WORK TO COMPLETE:
Your copy of the data should match it exactly, except that the pictures are gone.

*** Opening of DATA FOR THIS EXERCISE ***

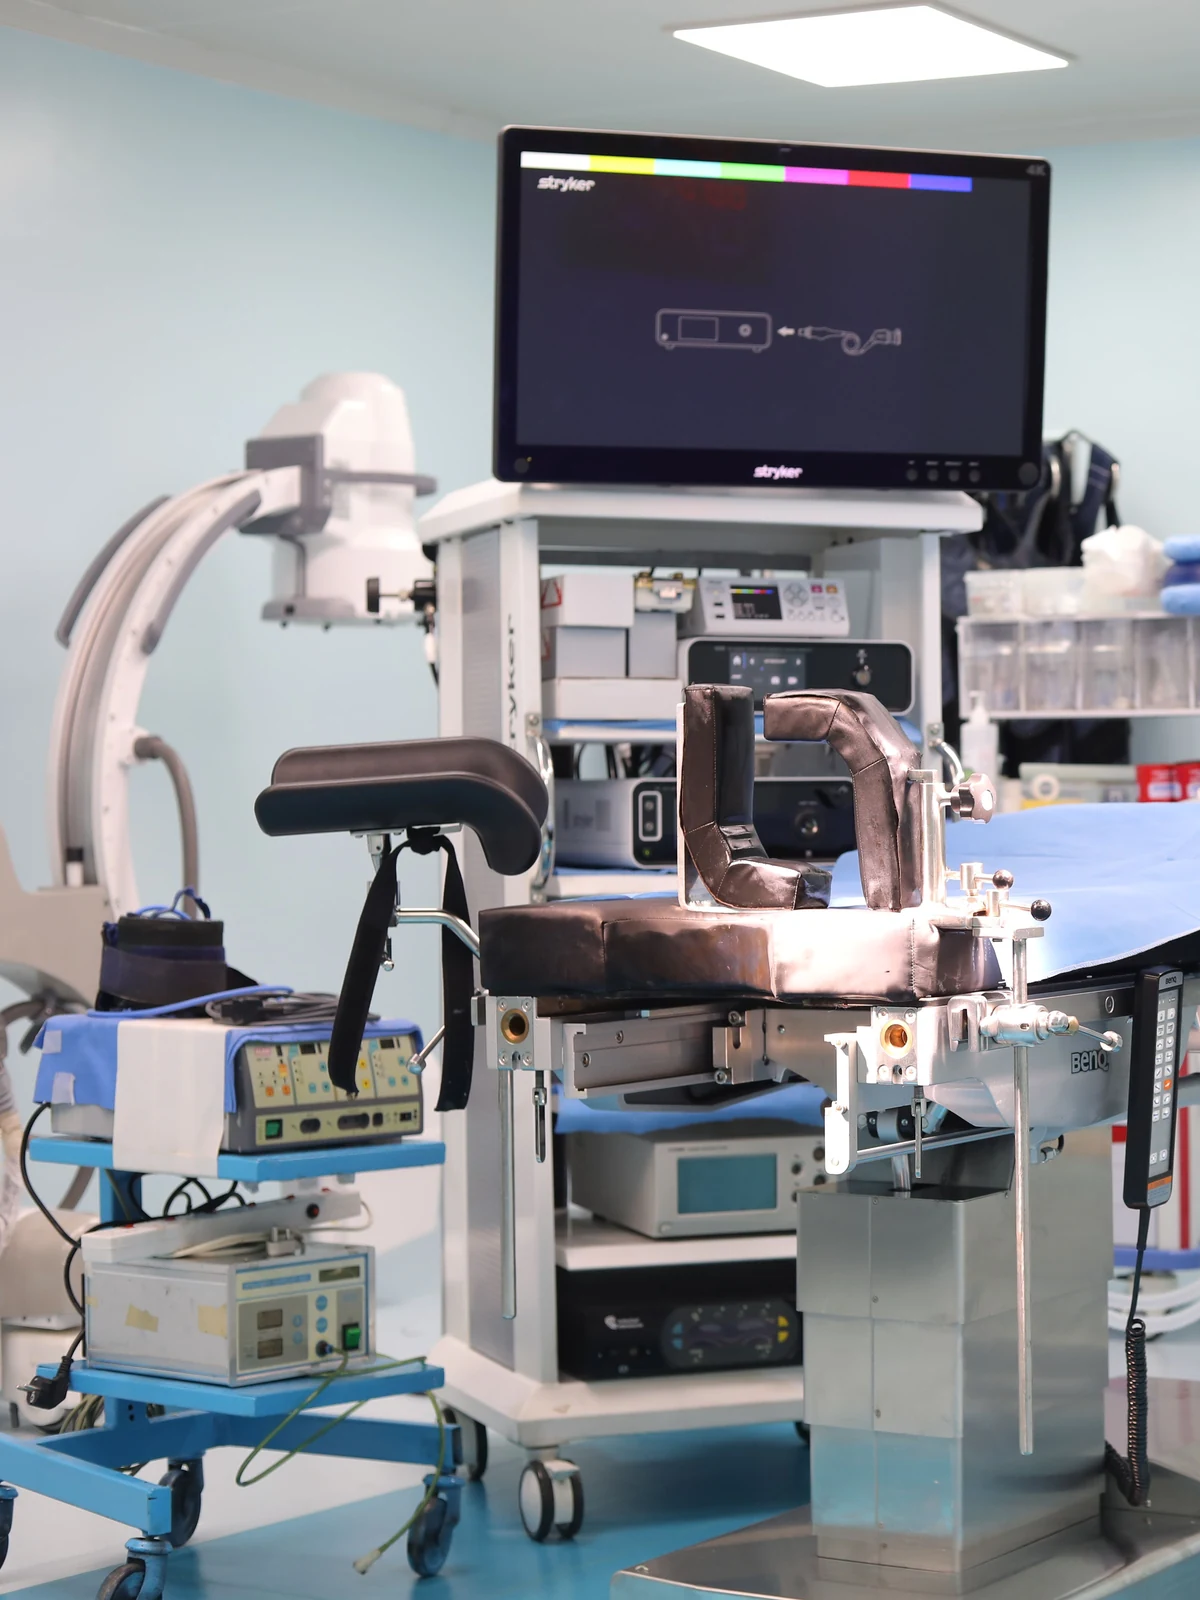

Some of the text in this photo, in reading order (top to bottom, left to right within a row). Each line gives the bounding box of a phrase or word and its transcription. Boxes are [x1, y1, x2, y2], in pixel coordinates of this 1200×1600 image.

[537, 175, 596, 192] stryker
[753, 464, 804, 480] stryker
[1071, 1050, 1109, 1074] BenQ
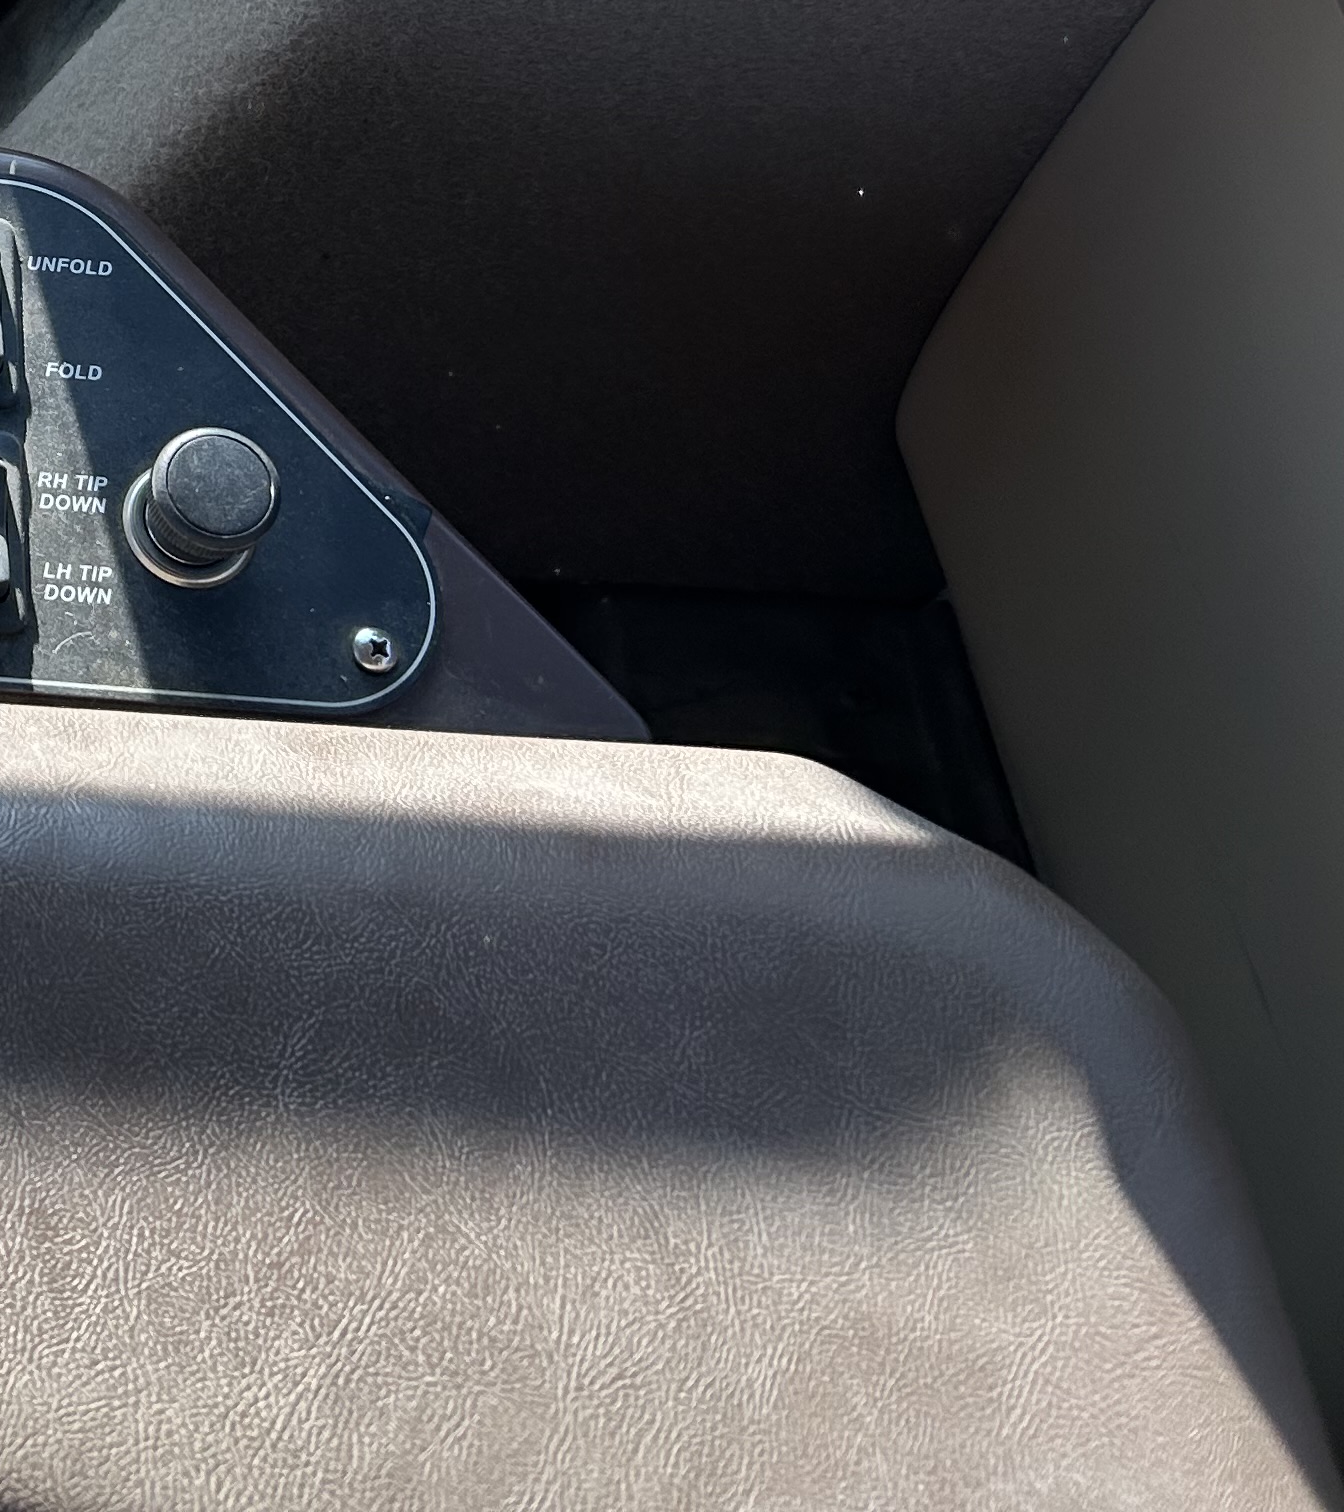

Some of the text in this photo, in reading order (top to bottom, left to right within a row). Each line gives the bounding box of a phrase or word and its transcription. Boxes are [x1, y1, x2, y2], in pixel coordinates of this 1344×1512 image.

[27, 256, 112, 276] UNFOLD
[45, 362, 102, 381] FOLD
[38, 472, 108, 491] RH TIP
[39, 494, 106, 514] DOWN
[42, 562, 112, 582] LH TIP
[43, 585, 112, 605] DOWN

*** Close of DATA FOR THIS EXERCISE ***

TASK RESPONSE:
Some of the text in this photo, in reading order (top to bottom, left to right within a row). Each line gives the bounding box of a phrase or word and its transcription. Boxes are [x1, y1, x2, y2], in pixel coordinates of this 1200×1600 image.

[537, 175, 596, 192] stryker
[753, 464, 804, 480] stryker
[1071, 1050, 1109, 1074] BenQ

Some of the text in this photo, in reading order (top to bottom, left to right within a row). Each line gives the bounding box of a phrase or word and its transcription. Boxes are [x1, y1, x2, y2], in pixel coordinates of this 1344×1512 image.

[27, 256, 112, 276] UNFOLD
[45, 362, 102, 381] FOLD
[38, 472, 108, 491] RH TIP
[39, 494, 106, 514] DOWN
[42, 562, 112, 582] LH TIP
[43, 585, 112, 605] DOWN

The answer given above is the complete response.